§ Exercise aim
Give back the data below word for word. Any image in it should be left out.

§ Recorded data
· · · · · · ·
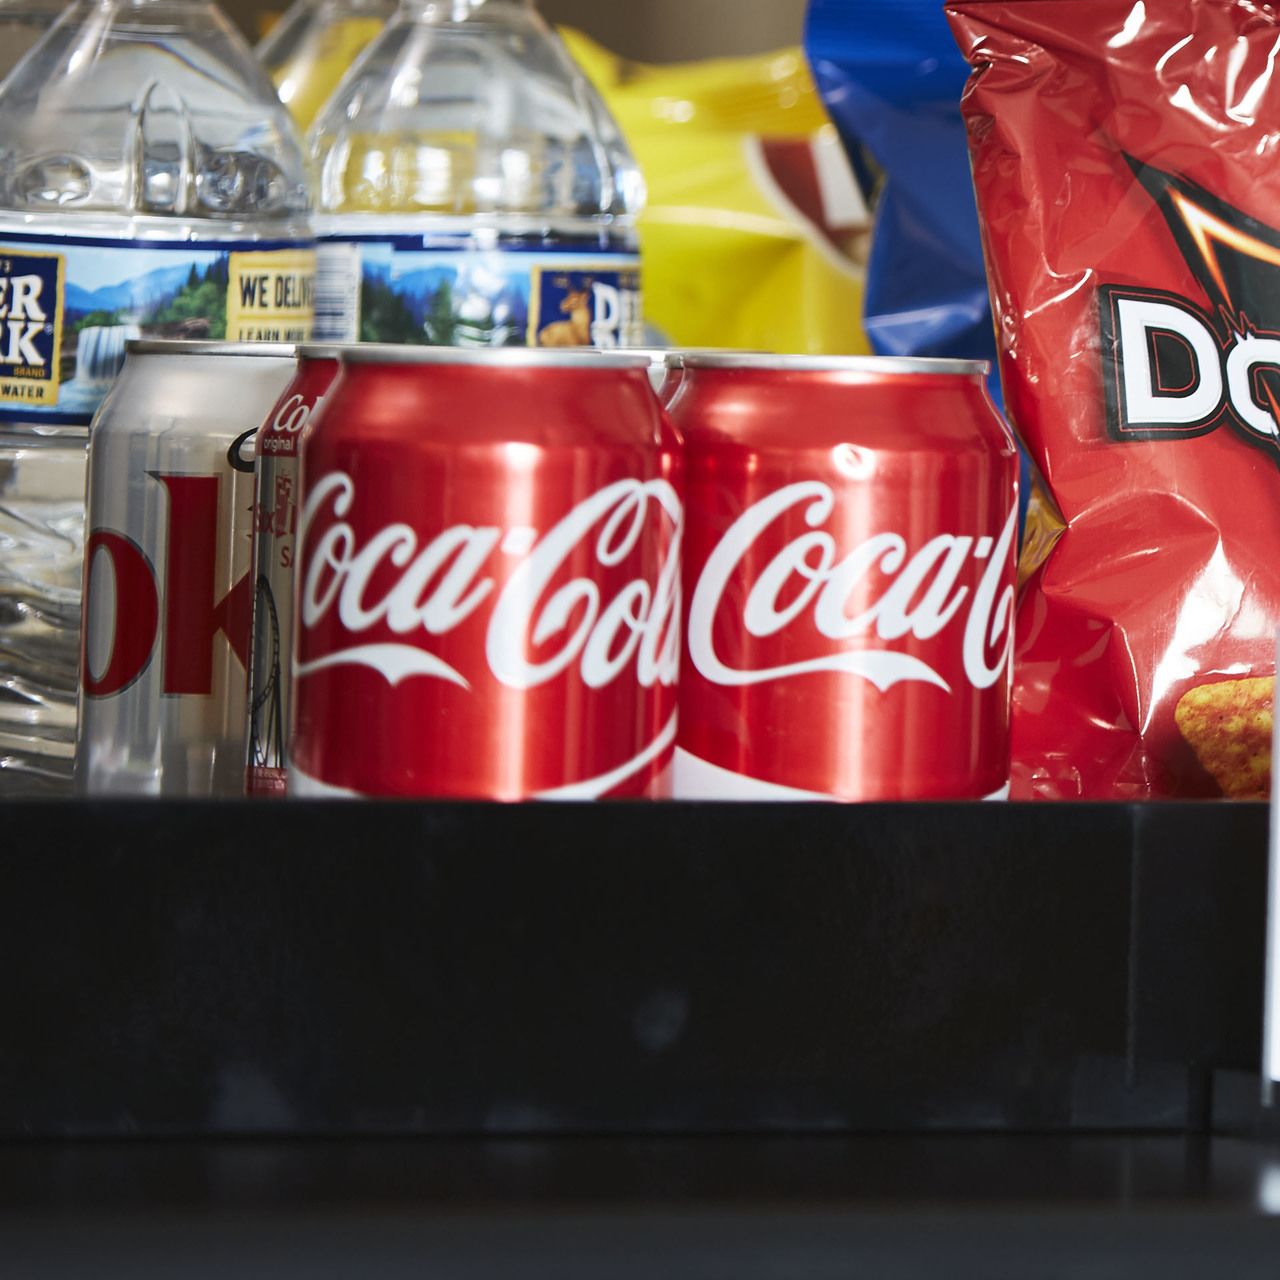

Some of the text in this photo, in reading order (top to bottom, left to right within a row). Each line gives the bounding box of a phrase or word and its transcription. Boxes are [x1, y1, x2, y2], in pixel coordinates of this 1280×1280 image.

[239, 275, 269, 308] WE
[1, 384, 44, 399] WATER
[263, 435, 295, 453] original
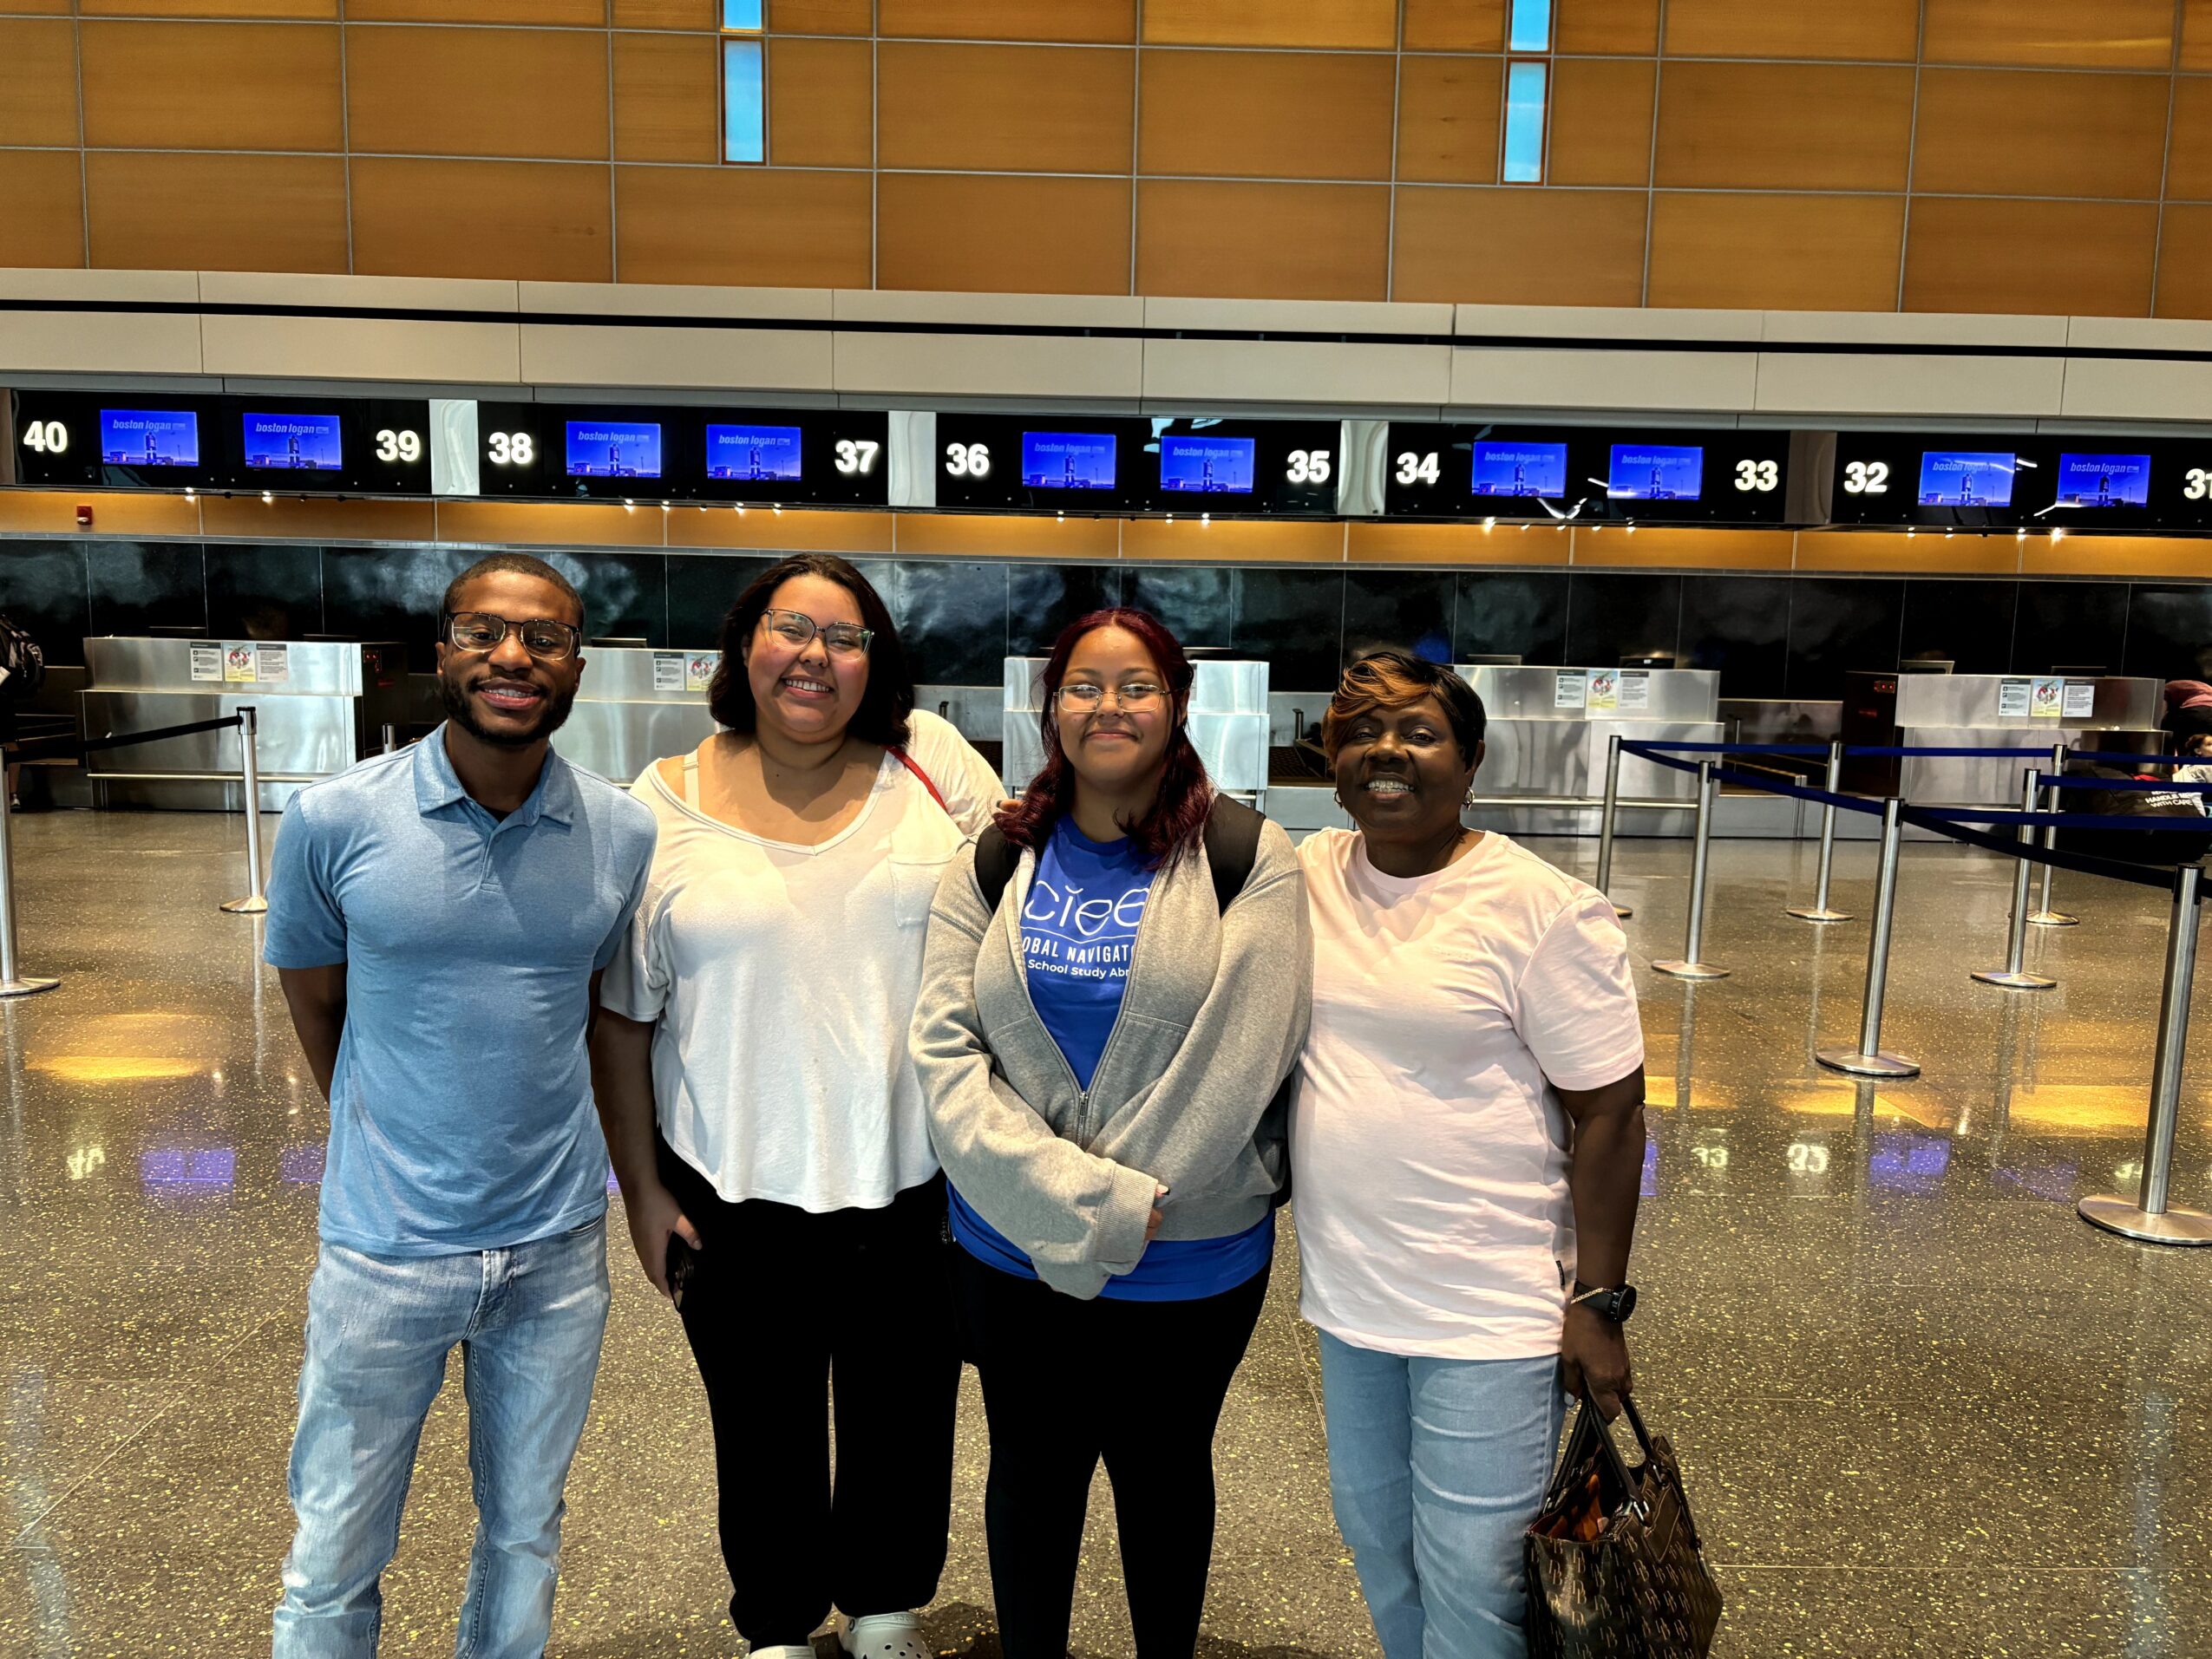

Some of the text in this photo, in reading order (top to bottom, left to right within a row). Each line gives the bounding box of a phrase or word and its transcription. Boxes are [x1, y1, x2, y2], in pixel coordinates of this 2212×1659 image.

[23, 421, 68, 453] 40
[113, 419, 172, 432] boston logan
[256, 423, 315, 435] boston logan
[578, 431, 636, 444] boston logan
[718, 434, 776, 447] boston logan
[376, 429, 421, 461] 39
[488, 432, 533, 464] 38
[835, 441, 879, 473] 37
[946, 443, 990, 475] 36
[1173, 447, 1203, 456] boston
[1287, 450, 1331, 482] 35
[1397, 452, 1440, 484] 34
[1735, 460, 1778, 492] 33
[1844, 461, 1888, 493] 32
[2070, 462, 2125, 475] boston logan
[1027, 959, 1068, 974] School
[1070, 966, 1107, 979] Study
· · · · · · ·
§ Result for this task
Some of the text in this photo, in reading order (top to bottom, left to right within a row). Each line gives the bounding box of a phrase or word and its transcription. Boxes are [x1, y1, x2, y2], in pixel coordinates of this 1280×1280 image.

[239, 275, 269, 308] WE
[1, 384, 44, 399] WATER
[263, 435, 295, 453] original

Some of the text in this photo, in reading order (top to bottom, left to right within a row). Each line gives the bounding box of a phrase or word and its transcription. Boxes are [x1, y1, x2, y2], in pixel coordinates of this 2212×1659 image.

[23, 421, 68, 453] 40
[113, 419, 172, 432] boston logan
[256, 423, 315, 435] boston logan
[578, 431, 636, 444] boston logan
[718, 434, 776, 447] boston logan
[376, 429, 421, 461] 39
[488, 432, 533, 464] 38
[835, 441, 879, 473] 37
[946, 443, 990, 475] 36
[1173, 447, 1203, 456] boston
[1287, 450, 1331, 482] 35
[1397, 452, 1440, 484] 34
[1735, 460, 1778, 492] 33
[1844, 461, 1888, 493] 32
[2070, 462, 2125, 475] boston logan
[1027, 959, 1068, 974] School
[1070, 966, 1107, 979] Study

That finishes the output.